Confraternização

(Na geladeira)

terça-feira, fevereiro 05, 2008

Do valor das coisas

Era um desses feriados prolongados em que a cidade grande fica transitável e mesmo alguma agitação não impede um cidadão tranqüilo de se acotovelar pacificamente com seus pares em uma praça qualquer pra ouvir um bom chorinho ao sabor de um bolinho de bacalhau com cerveja.
Era uma moça de carnes vistosas em vestes incautas que procurava boa visão da música quando aqueles olhos a encontraram. Acabou por encontrar assento à direita deles, que a cobiçavam. Comprou uma cerveja. Pediu um cigarro, pediu o isqueiro. Fez silêncio. Pegou a segunda cerveja, o chorinho acabou. Aceitou mais um cigarro, o assunto começou. Meia hora de amenidades e gracejos depois, aceitou o que recusara no quinto dos minutos de conversa: deixar a praça por um bar duas ruas acima.

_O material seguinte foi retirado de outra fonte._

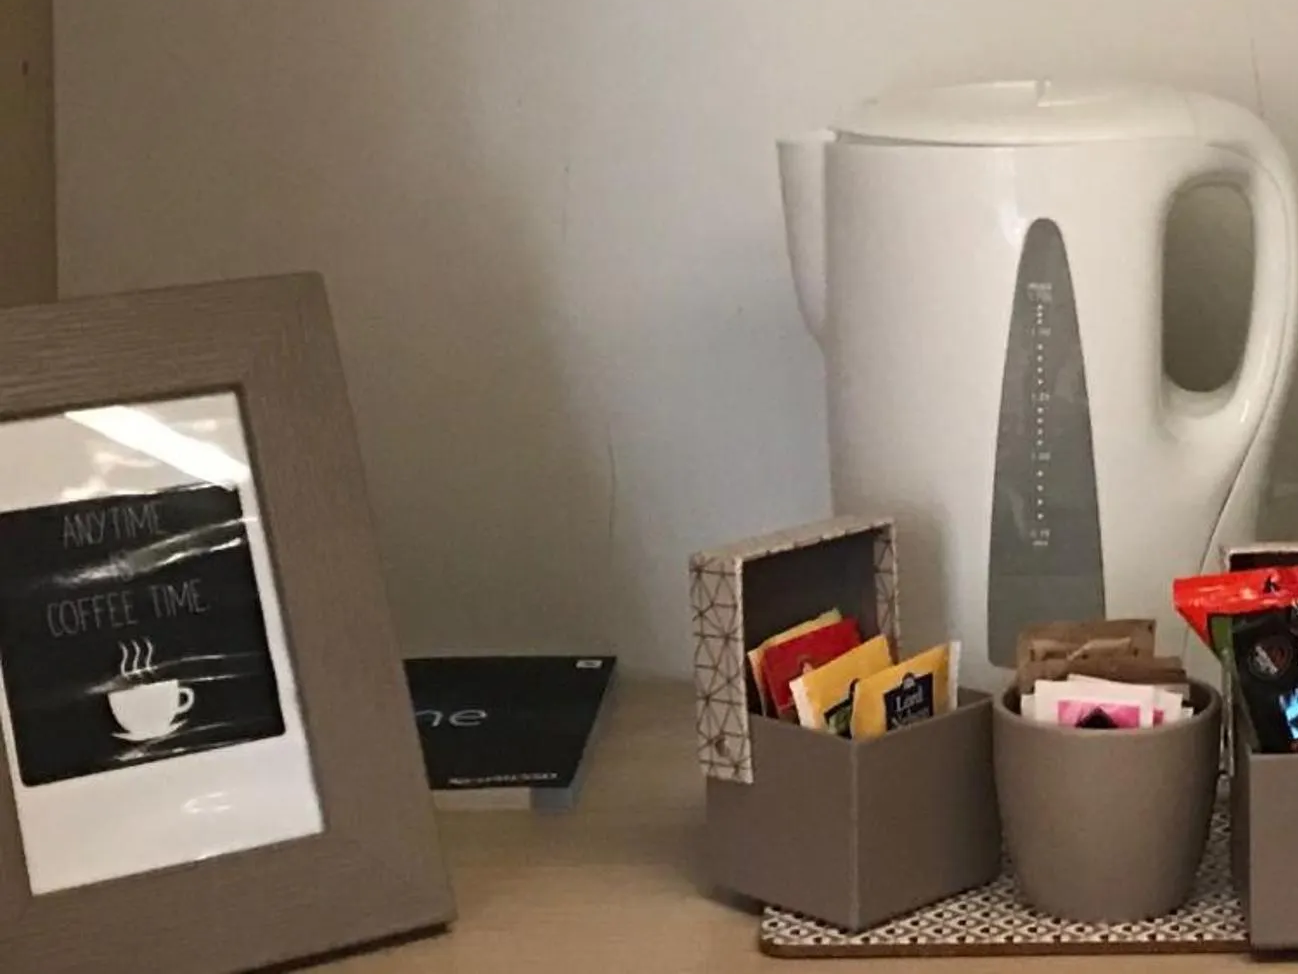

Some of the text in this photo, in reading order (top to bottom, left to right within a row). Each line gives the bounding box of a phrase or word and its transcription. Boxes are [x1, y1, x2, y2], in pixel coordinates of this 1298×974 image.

[63, 501, 163, 550] ANYTIME
[47, 579, 208, 638] COFFEE TIME

Era um bar de esquina bem pequeno e quase sujo em que uma moça tomava, na companhia de sua prima e de uma amiga, uma cerveja. Aqueles olhos atentos sobem a rua com sua recém conhecida cobiçada cabrocha. Chegam ao bar, cumprimentam uma amiga, cumprimentam a outra. A prima se apresenta, cumprimenta, muito prazer. Mas sua estada na mesa não dura duas garrafas: já a moça da praça se quer ir embora; já a mesa volta a ter apenas três mulheres; já as ruas se fazem caminho; já alguma palavra se faz convite; já uma porta se abre; já outra porta se abre; já cheiros viram paladar; já o dia amanhece; já as ruas se fazem outro caminho; já um sorriso maroto se faz à cama solitária de um cidadão tranqüilo.

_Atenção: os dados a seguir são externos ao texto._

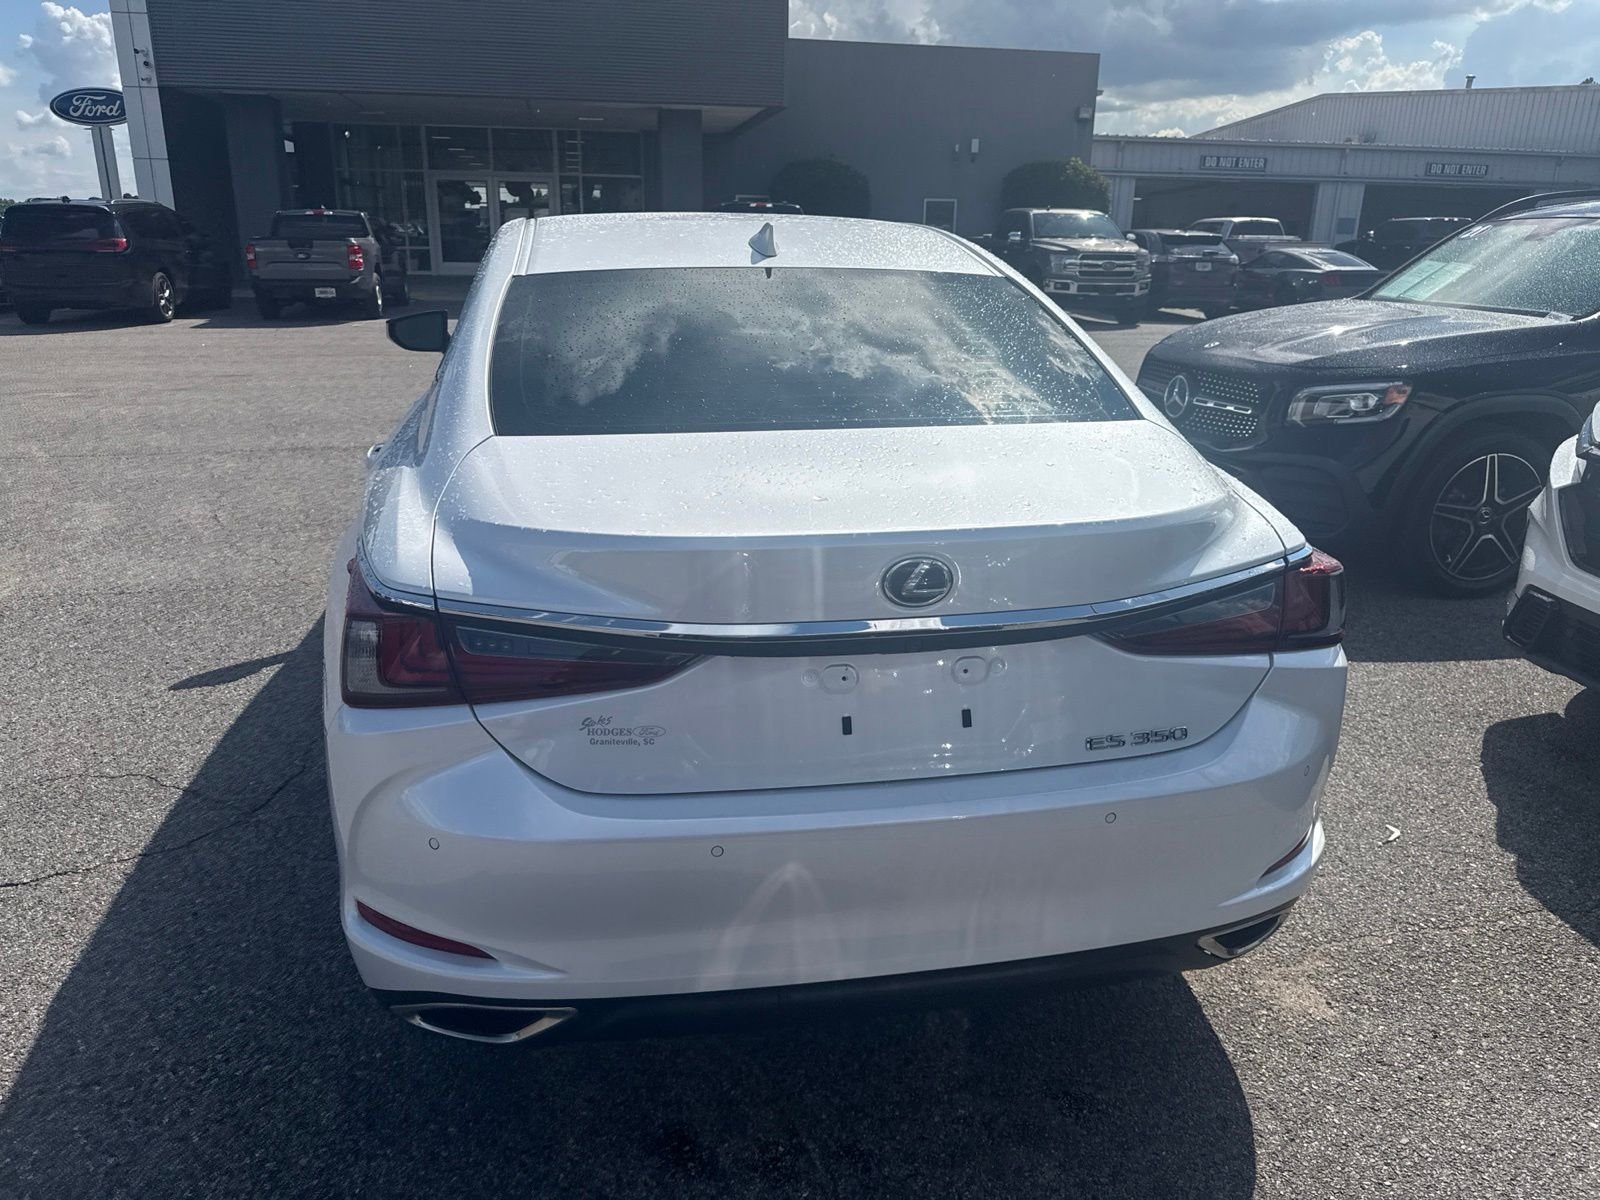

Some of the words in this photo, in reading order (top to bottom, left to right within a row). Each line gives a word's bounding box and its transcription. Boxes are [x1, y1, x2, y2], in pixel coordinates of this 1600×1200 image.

[69, 94, 121, 117] Ford
[1205, 156, 1217, 168] DO
[1219, 157, 1237, 168] NOT
[1238, 157, 1265, 169] ENTER
[1430, 163, 1442, 174] DO
[1443, 164, 1460, 175] NOT
[1461, 164, 1487, 175] ENTER
[587, 728, 633, 736] HODGES
[589, 738, 641, 747] Graniteville,
[643, 738, 655, 746] SC
[1085, 735, 1126, 751] ES
[1130, 726, 1188, 746] 350

Era um desses dias seguintes em que se tenta realizar algum feito que a falta de onipresença não permitiu no dia anterior. Há uma prima de amiga que se deseja, mas os obstáculos são alguns, e a impressão de reciprocidade é bastante leve, o suficiente pra não se arriscar com ímpeto ao intento. Toca o telefone num apartamento. Uma voz lânguida o atende e diz que não sabe se a prima vem. Acendem-se dois cigarros. Toca o telefone numa casa. Uma voz animada diz que vai. Um terceiro cigarro é aceso. Toca de volta o primeiro telefone. Uma voz tranqüila ouve que a prima vem; que então vão comer pra depois pensar no que fazer.

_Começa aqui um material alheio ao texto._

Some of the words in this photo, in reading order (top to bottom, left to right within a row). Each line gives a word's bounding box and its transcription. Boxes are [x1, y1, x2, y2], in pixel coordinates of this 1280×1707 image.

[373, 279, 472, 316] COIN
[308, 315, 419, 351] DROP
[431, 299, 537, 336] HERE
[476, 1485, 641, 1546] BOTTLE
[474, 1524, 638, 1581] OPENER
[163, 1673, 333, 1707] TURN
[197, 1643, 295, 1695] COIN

Era um apartamento de quarto e sala em que uma moça assistia, um tanto frustrada e amuada, seu amigo e sua prima se encostando escorregadiamente com a ajuda ardilosa da tequila. Retira-se e deita seu corpo desacompanhado na fria cama. E o calor que se faz no sofá não tarda a fazer os outros dois irem-se embora.
Era uma casa um tanto afastada, aconchegante e espaçosa, onde a chama recém acesa daqueles dois corpos se consumiu. Acordam com o sol ainda baixo, brincam um pouco mais na cama. Adormecem uma vez mais. Acordam novamente com o sol a já não fazer sombra. Com algum esforço, levantam-se. Vão tomar café da manhã, apesar de ser já hora de almoço. Conversam amenidades sem pressa, um rindo dos comportamentos do outro. A hora passa amena, já estão tomando uma cerveja, duas, três. Vão ao mercado comprar mais. Voltam. A espera pelo gelar da cerveja pede a cama. Então já é noite feita, as cervejas voltam a fazer palavras e sorrisos. Não, não há o despertar que quando acontece nos faz sonâmbulos. Mas há esse sossego desocupado do relógio do mundo.
Era uma mensagem de texto de telefone celular vinda de longe, com o carinhoso e despretensioso compartilhar de que Olinda era uma cidade merecedora de retorno. E a imagem de mesa vazia com garrafa e dois copos saltou aos pensamentos, e aquele aparelho de telefone se fazia sentir o tijolo doloroso que faltava à completitude de uma ponte sem a qual os caminhos faziam menos sentido. E, por alguns instantes, aquele quintal gostoso e aquela cerveja gelada e aquela mulher fogosa se quedaram numa zona de abstração e desimportância que só se desfez ao som de uma palavra qualquer incompreendida que a mulher disse, fazendo as coisas voltarem à quase normalidade de antes.
Era um sorriso leve em que um par de palavras escritas pintou um par de lágrimas com que a realidade fez borrando um sorriso amarelo.